══ EXERCISE INPUT ══

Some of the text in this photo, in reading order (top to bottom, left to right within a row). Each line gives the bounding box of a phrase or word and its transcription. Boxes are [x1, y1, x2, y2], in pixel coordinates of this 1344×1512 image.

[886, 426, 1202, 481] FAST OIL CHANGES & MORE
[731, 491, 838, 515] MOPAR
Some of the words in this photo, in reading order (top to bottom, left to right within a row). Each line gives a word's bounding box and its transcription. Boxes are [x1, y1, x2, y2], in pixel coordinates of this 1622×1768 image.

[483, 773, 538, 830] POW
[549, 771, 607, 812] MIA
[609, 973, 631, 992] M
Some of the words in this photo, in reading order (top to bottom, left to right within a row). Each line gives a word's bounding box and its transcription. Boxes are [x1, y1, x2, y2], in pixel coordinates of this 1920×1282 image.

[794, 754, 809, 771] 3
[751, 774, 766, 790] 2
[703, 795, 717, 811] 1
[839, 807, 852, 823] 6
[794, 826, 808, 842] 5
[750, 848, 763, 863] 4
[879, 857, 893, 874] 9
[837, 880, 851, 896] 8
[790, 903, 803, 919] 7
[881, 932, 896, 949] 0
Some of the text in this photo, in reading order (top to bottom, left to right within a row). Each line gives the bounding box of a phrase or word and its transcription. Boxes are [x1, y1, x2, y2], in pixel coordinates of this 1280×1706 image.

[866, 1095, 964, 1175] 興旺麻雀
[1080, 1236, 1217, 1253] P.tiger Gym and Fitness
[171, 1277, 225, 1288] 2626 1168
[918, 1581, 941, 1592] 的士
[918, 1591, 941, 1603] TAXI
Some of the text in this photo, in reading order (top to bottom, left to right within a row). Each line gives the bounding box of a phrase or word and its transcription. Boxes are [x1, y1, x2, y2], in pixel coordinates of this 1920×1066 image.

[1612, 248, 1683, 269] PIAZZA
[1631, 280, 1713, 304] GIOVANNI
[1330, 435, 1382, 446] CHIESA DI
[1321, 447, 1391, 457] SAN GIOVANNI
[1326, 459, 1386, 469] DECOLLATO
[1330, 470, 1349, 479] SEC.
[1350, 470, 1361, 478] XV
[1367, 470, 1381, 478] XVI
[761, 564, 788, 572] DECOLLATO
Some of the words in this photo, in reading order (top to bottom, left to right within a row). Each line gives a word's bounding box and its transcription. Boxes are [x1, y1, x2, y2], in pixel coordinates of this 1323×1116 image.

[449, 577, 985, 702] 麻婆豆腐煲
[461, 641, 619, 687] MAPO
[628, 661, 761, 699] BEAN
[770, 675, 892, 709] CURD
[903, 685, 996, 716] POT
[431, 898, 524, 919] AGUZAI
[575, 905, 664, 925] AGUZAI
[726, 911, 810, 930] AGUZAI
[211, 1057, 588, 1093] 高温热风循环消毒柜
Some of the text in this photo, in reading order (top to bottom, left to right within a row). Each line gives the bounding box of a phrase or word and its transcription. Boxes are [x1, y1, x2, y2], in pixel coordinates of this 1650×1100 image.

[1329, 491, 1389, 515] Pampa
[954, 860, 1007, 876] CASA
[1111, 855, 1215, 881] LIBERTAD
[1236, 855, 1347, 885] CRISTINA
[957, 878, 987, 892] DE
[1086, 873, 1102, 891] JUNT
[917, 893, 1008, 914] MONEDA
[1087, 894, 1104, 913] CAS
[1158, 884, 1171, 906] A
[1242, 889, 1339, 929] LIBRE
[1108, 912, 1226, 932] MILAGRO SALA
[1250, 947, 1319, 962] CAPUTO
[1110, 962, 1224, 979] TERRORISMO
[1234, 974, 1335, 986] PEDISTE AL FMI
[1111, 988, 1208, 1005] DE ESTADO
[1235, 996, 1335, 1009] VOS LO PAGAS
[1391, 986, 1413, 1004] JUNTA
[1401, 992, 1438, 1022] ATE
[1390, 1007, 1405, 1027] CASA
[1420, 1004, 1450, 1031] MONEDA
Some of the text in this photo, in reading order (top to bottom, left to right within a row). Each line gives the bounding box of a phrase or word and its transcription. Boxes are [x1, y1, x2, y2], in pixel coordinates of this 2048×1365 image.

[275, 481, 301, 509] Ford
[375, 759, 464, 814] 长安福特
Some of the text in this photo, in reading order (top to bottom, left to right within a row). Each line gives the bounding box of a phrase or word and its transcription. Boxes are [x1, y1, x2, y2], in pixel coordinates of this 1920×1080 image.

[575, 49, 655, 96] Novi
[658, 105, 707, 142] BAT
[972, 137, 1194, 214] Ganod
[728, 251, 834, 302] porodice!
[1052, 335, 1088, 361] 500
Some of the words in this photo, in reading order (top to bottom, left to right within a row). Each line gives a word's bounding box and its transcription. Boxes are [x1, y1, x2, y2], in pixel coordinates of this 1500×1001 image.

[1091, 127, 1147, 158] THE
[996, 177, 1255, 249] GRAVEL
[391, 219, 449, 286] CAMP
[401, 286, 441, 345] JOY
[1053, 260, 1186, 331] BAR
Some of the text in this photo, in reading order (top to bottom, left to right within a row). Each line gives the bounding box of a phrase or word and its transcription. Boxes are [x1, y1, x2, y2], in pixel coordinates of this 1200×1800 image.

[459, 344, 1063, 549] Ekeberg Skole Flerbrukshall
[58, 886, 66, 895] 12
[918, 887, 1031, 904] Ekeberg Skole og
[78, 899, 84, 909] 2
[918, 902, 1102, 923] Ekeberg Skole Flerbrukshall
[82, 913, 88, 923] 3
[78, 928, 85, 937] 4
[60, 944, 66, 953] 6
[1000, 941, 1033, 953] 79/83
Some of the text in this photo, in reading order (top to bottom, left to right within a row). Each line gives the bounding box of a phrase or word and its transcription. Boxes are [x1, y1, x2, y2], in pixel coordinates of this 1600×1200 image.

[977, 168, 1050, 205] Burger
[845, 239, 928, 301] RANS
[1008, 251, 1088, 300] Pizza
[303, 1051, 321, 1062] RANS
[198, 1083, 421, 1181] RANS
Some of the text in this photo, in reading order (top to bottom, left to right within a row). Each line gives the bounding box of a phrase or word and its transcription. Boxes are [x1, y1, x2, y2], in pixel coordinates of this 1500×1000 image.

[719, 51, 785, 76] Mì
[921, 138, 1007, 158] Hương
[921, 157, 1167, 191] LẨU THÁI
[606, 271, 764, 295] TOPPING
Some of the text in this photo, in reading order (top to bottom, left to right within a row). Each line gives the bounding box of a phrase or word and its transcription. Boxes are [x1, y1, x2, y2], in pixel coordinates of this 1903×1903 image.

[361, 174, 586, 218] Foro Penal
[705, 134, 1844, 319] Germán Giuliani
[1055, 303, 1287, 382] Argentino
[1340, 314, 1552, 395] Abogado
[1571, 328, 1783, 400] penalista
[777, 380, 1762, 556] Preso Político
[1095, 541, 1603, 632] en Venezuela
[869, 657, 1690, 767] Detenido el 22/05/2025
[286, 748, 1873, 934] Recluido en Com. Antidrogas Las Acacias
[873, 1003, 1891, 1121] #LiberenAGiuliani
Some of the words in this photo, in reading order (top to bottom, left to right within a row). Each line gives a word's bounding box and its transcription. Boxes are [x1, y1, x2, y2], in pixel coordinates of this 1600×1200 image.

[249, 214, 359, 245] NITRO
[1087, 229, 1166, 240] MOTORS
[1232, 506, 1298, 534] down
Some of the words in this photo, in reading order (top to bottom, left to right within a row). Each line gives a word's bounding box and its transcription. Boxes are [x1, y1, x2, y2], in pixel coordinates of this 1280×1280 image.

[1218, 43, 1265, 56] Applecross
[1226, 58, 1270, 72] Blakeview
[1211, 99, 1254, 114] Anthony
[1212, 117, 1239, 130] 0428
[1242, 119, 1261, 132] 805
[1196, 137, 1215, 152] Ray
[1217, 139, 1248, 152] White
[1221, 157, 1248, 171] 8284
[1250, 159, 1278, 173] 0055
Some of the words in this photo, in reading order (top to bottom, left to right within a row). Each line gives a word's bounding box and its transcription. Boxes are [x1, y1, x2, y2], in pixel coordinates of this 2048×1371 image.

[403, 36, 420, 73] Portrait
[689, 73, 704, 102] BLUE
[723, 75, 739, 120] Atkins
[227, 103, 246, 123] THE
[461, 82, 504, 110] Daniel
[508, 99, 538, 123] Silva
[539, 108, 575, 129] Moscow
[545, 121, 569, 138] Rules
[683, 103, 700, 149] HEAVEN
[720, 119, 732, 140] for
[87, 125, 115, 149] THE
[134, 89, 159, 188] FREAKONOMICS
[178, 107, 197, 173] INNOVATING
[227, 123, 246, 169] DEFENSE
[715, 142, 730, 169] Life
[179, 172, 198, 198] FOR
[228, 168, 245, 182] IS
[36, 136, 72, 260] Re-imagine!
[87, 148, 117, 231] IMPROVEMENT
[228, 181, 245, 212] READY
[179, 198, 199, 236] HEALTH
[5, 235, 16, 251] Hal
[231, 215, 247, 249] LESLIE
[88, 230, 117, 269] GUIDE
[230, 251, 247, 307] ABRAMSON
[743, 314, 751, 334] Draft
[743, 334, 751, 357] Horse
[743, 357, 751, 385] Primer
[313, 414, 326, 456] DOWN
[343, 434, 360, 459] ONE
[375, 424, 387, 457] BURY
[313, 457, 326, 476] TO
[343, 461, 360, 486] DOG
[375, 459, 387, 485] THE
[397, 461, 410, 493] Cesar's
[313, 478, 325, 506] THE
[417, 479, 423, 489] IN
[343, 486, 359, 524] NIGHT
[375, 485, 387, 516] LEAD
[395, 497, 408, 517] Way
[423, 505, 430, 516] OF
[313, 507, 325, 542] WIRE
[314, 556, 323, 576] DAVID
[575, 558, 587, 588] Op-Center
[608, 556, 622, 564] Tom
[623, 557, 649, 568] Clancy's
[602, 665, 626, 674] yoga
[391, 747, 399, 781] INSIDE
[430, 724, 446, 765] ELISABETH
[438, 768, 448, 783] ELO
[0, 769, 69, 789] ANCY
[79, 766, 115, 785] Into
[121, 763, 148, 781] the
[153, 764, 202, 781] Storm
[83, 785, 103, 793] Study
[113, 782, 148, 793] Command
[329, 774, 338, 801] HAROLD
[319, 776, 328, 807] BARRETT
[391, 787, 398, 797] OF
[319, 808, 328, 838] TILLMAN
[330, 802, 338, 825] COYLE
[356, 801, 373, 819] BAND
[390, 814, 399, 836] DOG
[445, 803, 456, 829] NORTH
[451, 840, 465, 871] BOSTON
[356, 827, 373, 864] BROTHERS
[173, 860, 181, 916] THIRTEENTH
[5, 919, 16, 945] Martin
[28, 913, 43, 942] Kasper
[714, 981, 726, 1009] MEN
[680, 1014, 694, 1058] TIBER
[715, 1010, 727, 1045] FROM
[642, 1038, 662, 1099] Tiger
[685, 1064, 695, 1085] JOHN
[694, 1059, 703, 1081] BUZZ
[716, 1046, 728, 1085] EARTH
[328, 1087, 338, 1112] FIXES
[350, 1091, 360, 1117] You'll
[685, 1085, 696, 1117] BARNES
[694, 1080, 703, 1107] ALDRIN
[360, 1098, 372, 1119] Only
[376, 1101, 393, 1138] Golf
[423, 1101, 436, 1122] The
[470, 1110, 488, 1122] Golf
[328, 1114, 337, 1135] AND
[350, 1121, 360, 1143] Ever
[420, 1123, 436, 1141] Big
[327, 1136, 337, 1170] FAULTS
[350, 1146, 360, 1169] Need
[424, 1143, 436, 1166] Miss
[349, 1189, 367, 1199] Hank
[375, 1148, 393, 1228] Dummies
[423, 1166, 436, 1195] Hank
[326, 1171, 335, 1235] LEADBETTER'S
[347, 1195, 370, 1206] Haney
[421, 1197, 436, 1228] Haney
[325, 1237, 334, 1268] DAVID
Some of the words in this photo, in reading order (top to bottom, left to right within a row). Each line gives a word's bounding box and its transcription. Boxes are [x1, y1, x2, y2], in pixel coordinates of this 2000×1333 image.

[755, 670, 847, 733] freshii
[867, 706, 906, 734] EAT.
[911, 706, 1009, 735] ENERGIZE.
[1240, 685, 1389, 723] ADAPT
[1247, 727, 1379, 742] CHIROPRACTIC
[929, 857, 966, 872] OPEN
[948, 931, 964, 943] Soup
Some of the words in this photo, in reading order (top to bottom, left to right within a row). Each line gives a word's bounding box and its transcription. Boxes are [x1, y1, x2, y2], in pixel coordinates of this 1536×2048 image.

═══

EXERCISE PROMPT: All lines from the one that contains "this 2000×1333 image." through the end of the listing above should be copied exactly, with nothing else.

WRITTEN REPLY:
Some of the words in this photo, in reading order (top to bottom, left to right within a row). Each line gives a word's bounding box and its transcription. Boxes are [x1, y1, x2, y2], in pixel coordinates of this 2000×1333 image.

[755, 670, 847, 733] freshii
[867, 706, 906, 734] EAT.
[911, 706, 1009, 735] ENERGIZE.
[1240, 685, 1389, 723] ADAPT
[1247, 727, 1379, 742] CHIROPRACTIC
[929, 857, 966, 872] OPEN
[948, 931, 964, 943] Soup
Some of the words in this photo, in reading order (top to bottom, left to right within a row). Each line gives a word's bounding box and its transcription. Boxes are [x1, y1, x2, y2], in pixel coordinates of this 1536×2048 image.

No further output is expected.